The control unit 140 includes at least one processor. A processor may be implemented as an array of a plurality of logic gates, or may be implemented as a combination of a general purpose microprocessor and a memory in which a program executable in the microprocessor is stored. It will be appreciated by those skilled in the art that the present invention may be implemented in other forms of hardware.

Specifically, the control unit 140 can control the operation of the heater 110. [ The control unit can control the amount of power supplied to the heater 110 and the time at which the power is supplied so that the heater 110 can be heated to a predetermined temperature or maintain a proper temperature. In addition, the control unit 140 can check the state of the battery 120 (e.g., the remaining amount of the battery 120) and generate a notification signal if necessary. In addition, the control unit 140 can check the presence or absence of the user's puff and the strength of the puff, and count the number of puffs. Also, the control unit 140 can continuously check the time during which the aerosol generating apparatus 10 is operating.

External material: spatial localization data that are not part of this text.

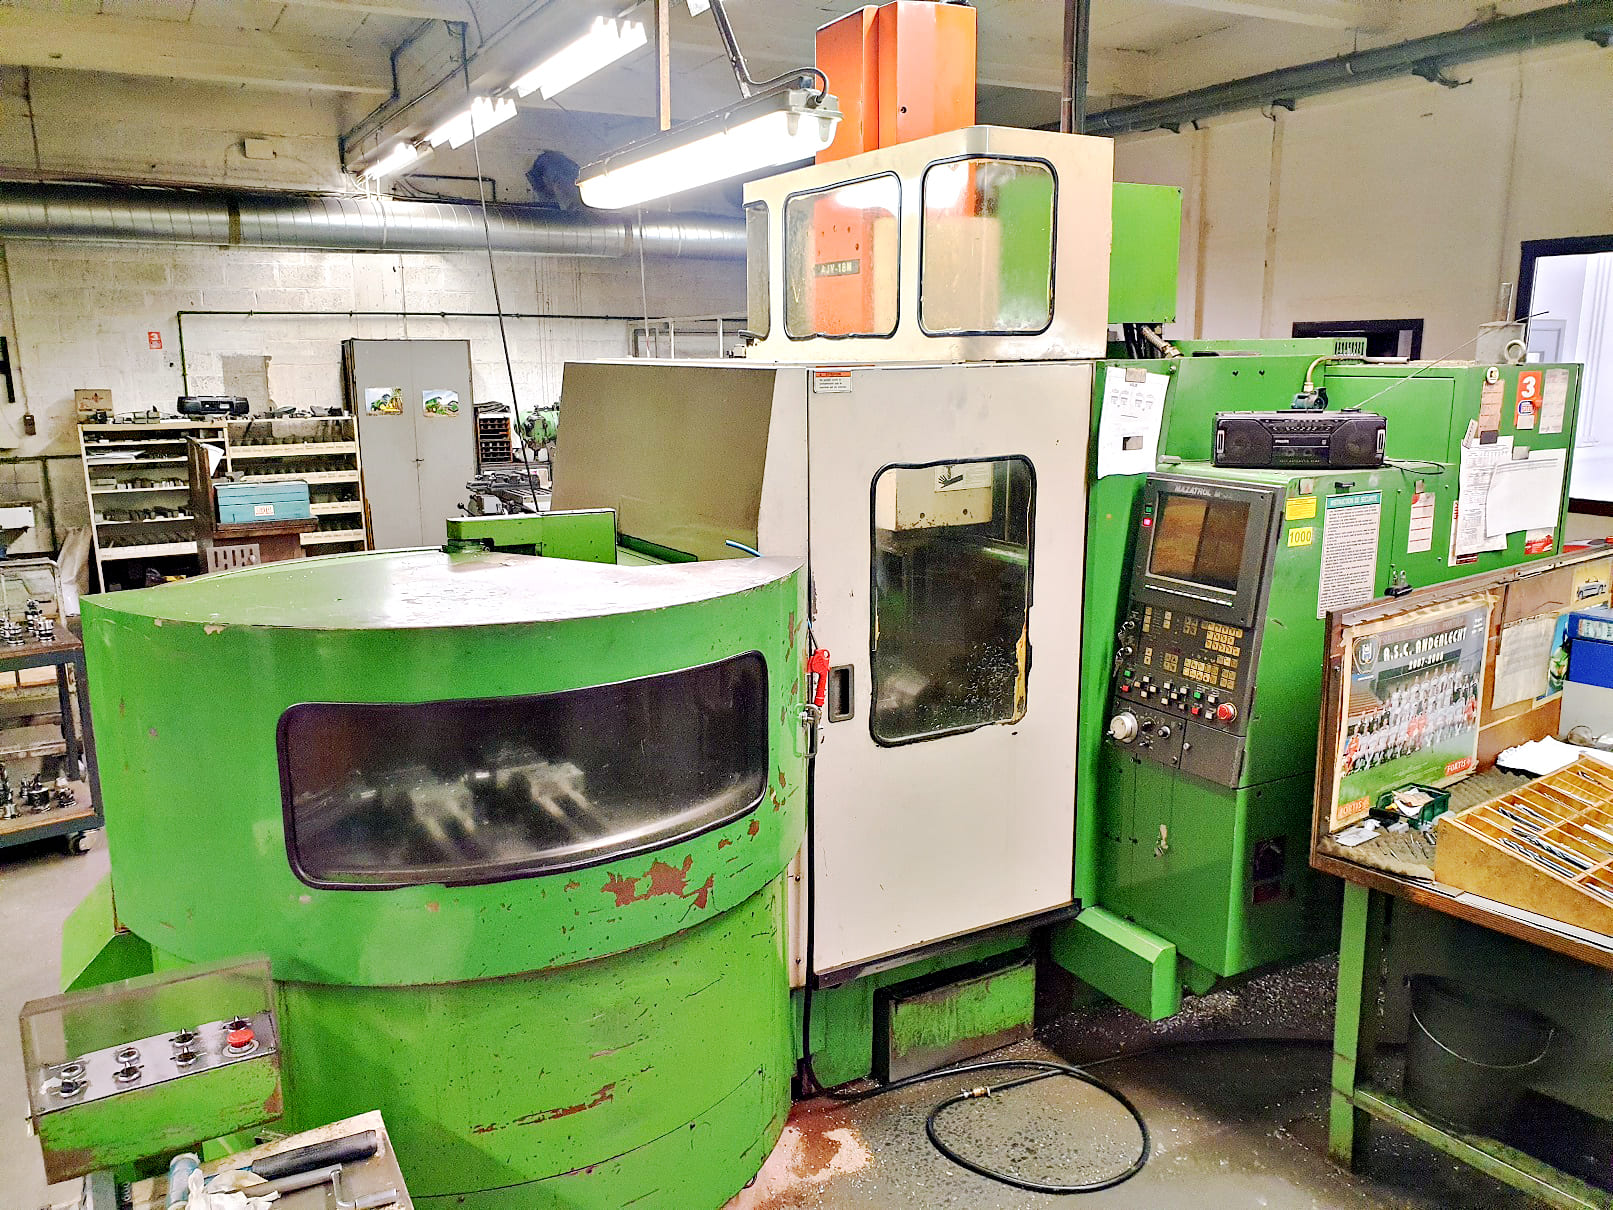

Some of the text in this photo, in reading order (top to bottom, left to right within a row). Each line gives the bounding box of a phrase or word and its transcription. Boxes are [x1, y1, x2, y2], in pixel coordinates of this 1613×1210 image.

[1521, 376, 1536, 398] 3
[1290, 531, 1311, 543] 1000
[1446, 759, 1466, 772] FORTIS
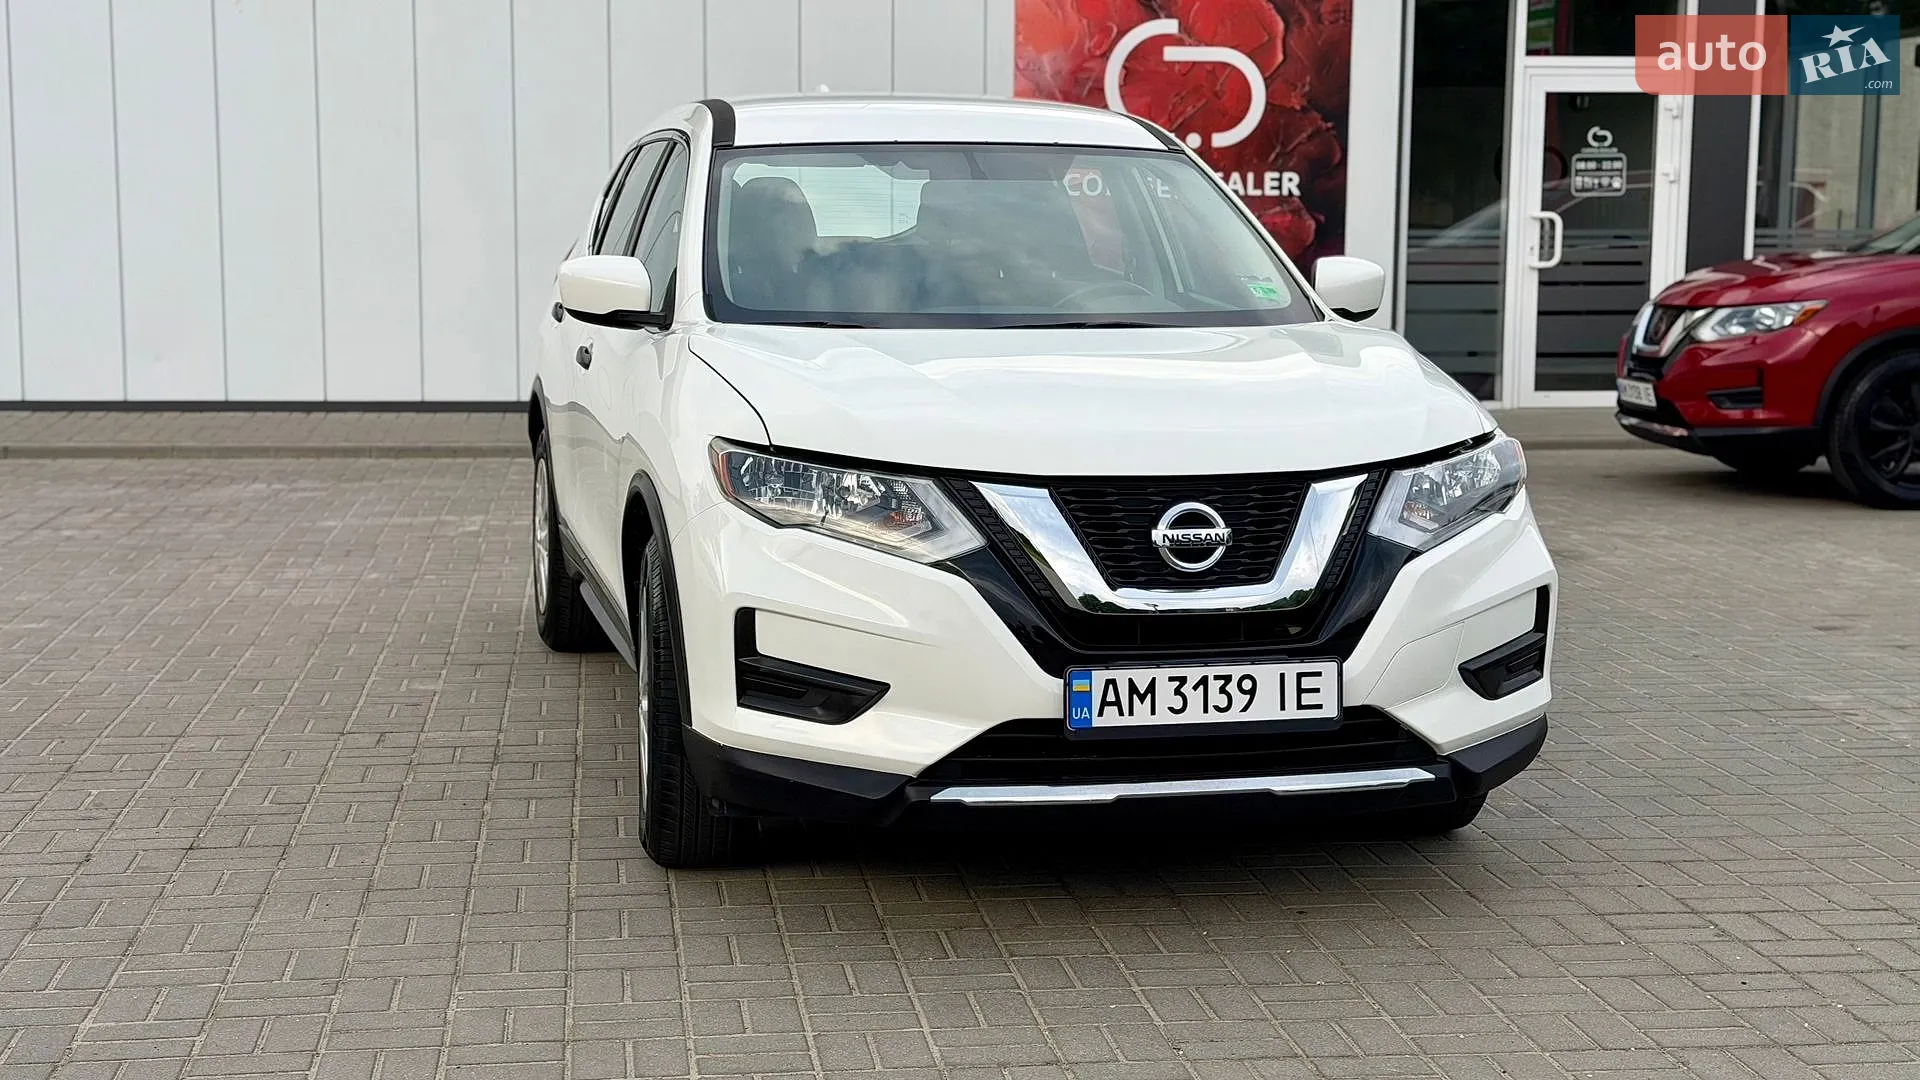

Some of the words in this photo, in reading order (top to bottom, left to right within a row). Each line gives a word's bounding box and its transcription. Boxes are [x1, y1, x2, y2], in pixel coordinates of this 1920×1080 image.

[1162, 533, 1226, 544] NISSAN
[1097, 676, 1157, 718] AM
[1167, 673, 1258, 715] 3139
[1279, 670, 1324, 712] IE
[1072, 706, 1090, 719] UA
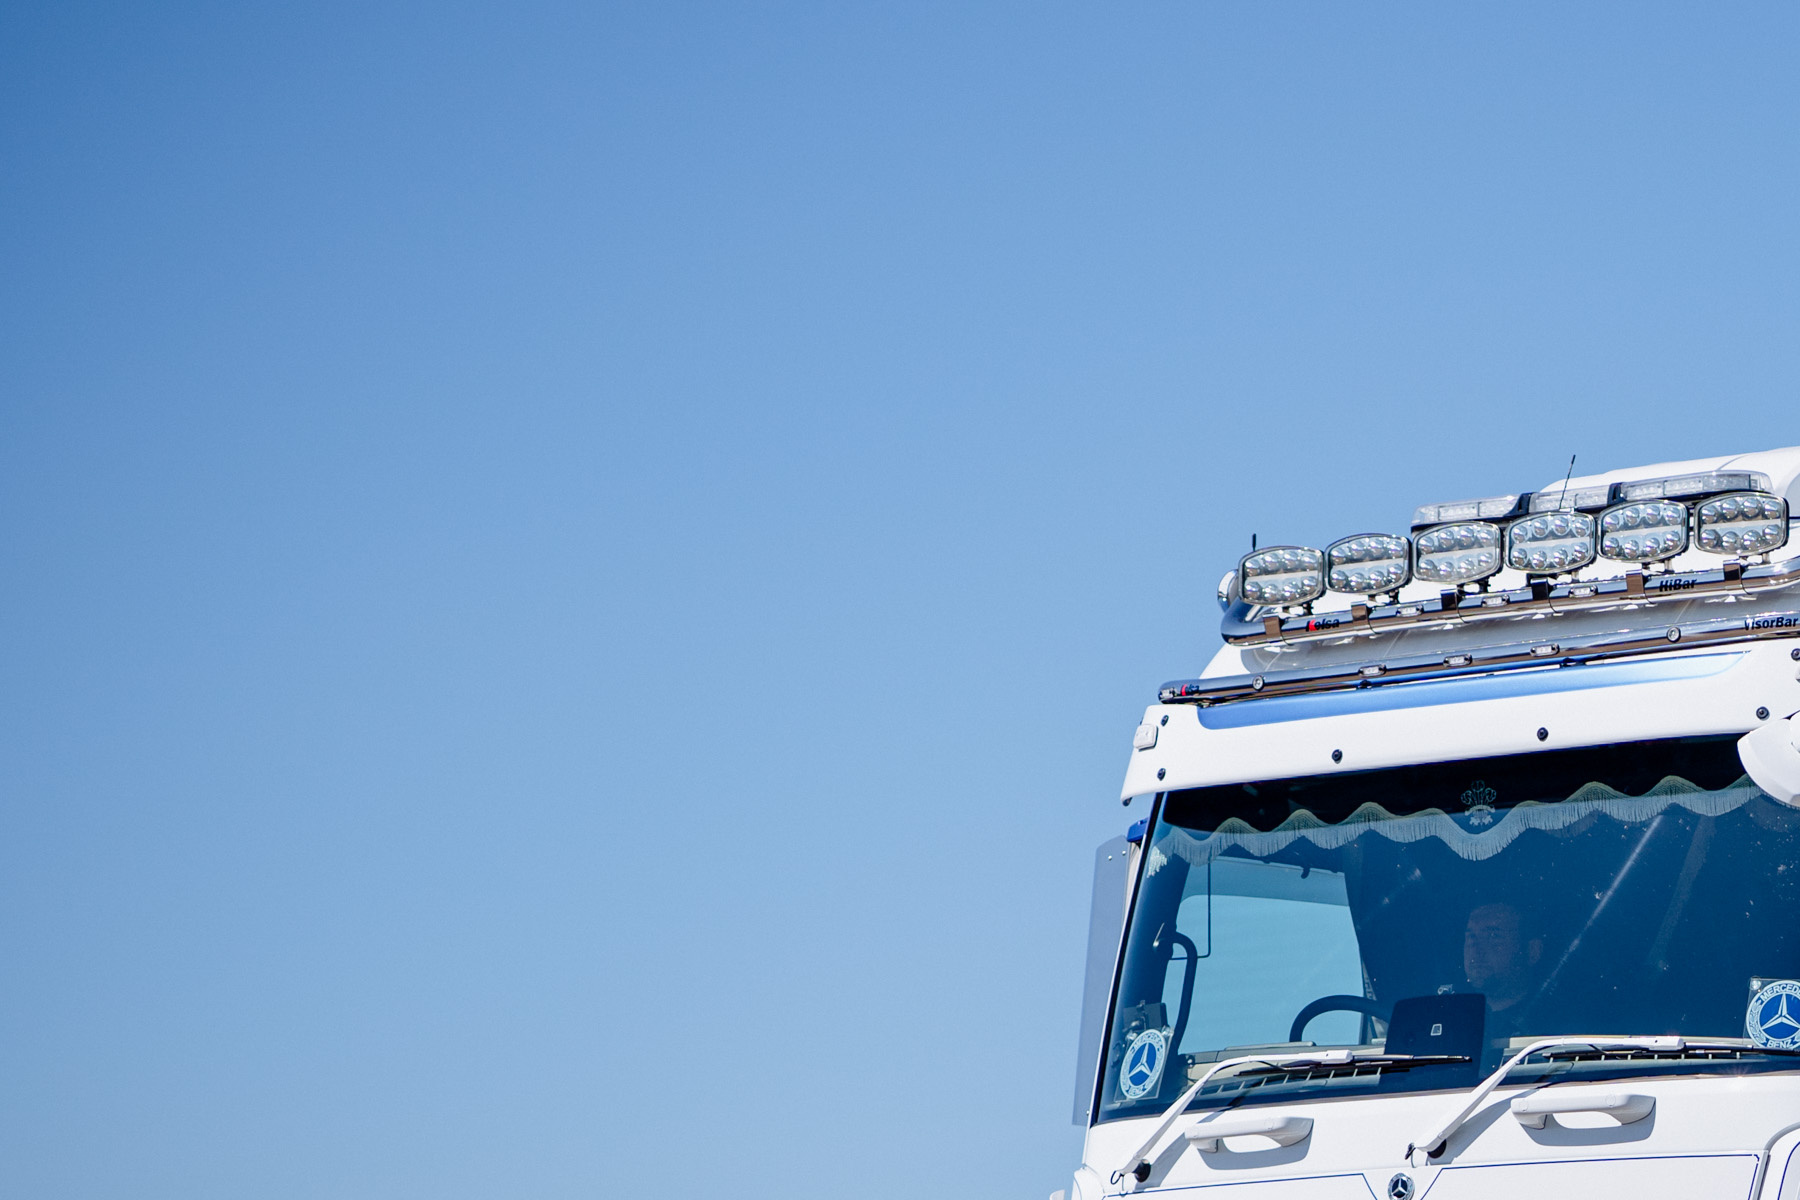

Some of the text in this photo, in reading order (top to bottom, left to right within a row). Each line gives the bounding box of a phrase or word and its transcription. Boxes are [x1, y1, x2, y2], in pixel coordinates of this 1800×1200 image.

The control unit 140 may determine the number of times the user sucks by counting the suction of the user sensed by the puff sensor 130 and may control the temperature of the heater 110 to a predetermined temperature corresponding to the determined number of times of suction. The control unit 140 can control the temperature of the heater 110 by adjusting the amount of power supplied from the battery 120 to the heater 110. [ The predetermined temperature may be matched to the number of times of suction of the user and may be determined in advance by an external input. In addition, the predetermined temperature may be determined by the control unit 140 based on the user's smoking habit. The aerosol generating apparatus 10 may include a counter for counting the user's suction and a memory for storing the accumulated number of times of suction.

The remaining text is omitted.